Try it –
Please write each entry out again exactly as shown.
★ ★ ★ ★ ★ ★ ★
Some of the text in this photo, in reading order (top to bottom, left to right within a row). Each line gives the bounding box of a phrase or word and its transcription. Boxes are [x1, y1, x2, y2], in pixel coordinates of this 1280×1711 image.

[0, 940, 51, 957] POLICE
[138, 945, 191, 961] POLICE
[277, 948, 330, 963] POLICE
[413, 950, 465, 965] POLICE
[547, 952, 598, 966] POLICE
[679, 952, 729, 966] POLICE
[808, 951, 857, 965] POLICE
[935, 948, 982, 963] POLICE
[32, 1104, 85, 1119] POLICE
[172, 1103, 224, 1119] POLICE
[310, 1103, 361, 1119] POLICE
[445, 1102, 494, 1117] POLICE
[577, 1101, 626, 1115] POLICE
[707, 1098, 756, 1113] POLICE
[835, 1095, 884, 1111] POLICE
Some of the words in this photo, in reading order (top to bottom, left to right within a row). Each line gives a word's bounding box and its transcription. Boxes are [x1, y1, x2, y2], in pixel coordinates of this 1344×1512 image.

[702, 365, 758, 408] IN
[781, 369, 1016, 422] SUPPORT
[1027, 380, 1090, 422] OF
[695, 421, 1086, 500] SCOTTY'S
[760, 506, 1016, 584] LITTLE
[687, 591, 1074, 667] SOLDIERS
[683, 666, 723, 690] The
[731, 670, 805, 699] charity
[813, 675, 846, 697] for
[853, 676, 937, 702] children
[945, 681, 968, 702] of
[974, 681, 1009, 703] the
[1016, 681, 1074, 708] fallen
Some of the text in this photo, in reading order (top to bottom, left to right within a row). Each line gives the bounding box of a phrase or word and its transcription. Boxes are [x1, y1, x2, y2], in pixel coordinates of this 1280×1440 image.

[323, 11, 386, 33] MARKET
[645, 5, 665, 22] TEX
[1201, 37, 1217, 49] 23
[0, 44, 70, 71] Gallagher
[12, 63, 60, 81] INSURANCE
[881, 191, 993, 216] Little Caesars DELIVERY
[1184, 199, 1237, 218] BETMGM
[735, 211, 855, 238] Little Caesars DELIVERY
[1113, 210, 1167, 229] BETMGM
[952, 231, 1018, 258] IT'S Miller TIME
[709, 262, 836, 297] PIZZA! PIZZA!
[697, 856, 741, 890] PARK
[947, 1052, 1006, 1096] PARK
★ ★ ★ ★ ★ ★ ★
Answer –
Some of the text in this photo, in reading order (top to bottom, left to right within a row). Each line gives the bounding box of a phrase or word and its transcription. Boxes are [x1, y1, x2, y2], in pixel coordinates of this 1280×1711 image.

[0, 940, 51, 957] POLICE
[138, 945, 191, 961] POLICE
[277, 948, 330, 963] POLICE
[413, 950, 465, 965] POLICE
[547, 952, 598, 966] POLICE
[679, 952, 729, 966] POLICE
[808, 951, 857, 965] POLICE
[935, 948, 982, 963] POLICE
[32, 1104, 85, 1119] POLICE
[172, 1103, 224, 1119] POLICE
[310, 1103, 361, 1119] POLICE
[445, 1102, 494, 1117] POLICE
[577, 1101, 626, 1115] POLICE
[707, 1098, 756, 1113] POLICE
[835, 1095, 884, 1111] POLICE
Some of the words in this photo, in reading order (top to bottom, left to right within a row). Each line gives a word's bounding box and its transcription. Boxes are [x1, y1, x2, y2], in pixel coordinates of this 1344×1512 image.

[702, 365, 758, 408] IN
[781, 369, 1016, 422] SUPPORT
[1027, 380, 1090, 422] OF
[695, 421, 1086, 500] SCOTTY'S
[760, 506, 1016, 584] LITTLE
[687, 591, 1074, 667] SOLDIERS
[683, 666, 723, 690] The
[731, 670, 805, 699] charity
[813, 675, 846, 697] for
[853, 676, 937, 702] children
[945, 681, 968, 702] of
[974, 681, 1009, 703] the
[1016, 681, 1074, 708] fallen
Some of the text in this photo, in reading order (top to bottom, left to right within a row). Each line gives the bounding box of a phrase or word and its transcription. Boxes are [x1, y1, x2, y2], in pixel coordinates of this 1280×1440 image.

[323, 11, 386, 33] MARKET
[645, 5, 665, 22] TEX
[1201, 37, 1217, 49] 23
[0, 44, 70, 71] Gallagher
[12, 63, 60, 81] INSURANCE
[881, 191, 993, 216] Little Caesars DELIVERY
[1184, 199, 1237, 218] BETMGM
[735, 211, 855, 238] Little Caesars DELIVERY
[1113, 210, 1167, 229] BETMGM
[952, 231, 1018, 258] IT'S Miller TIME
[709, 262, 836, 297] PIZZA! PIZZA!
[697, 856, 741, 890] PARK
[947, 1052, 1006, 1096] PARK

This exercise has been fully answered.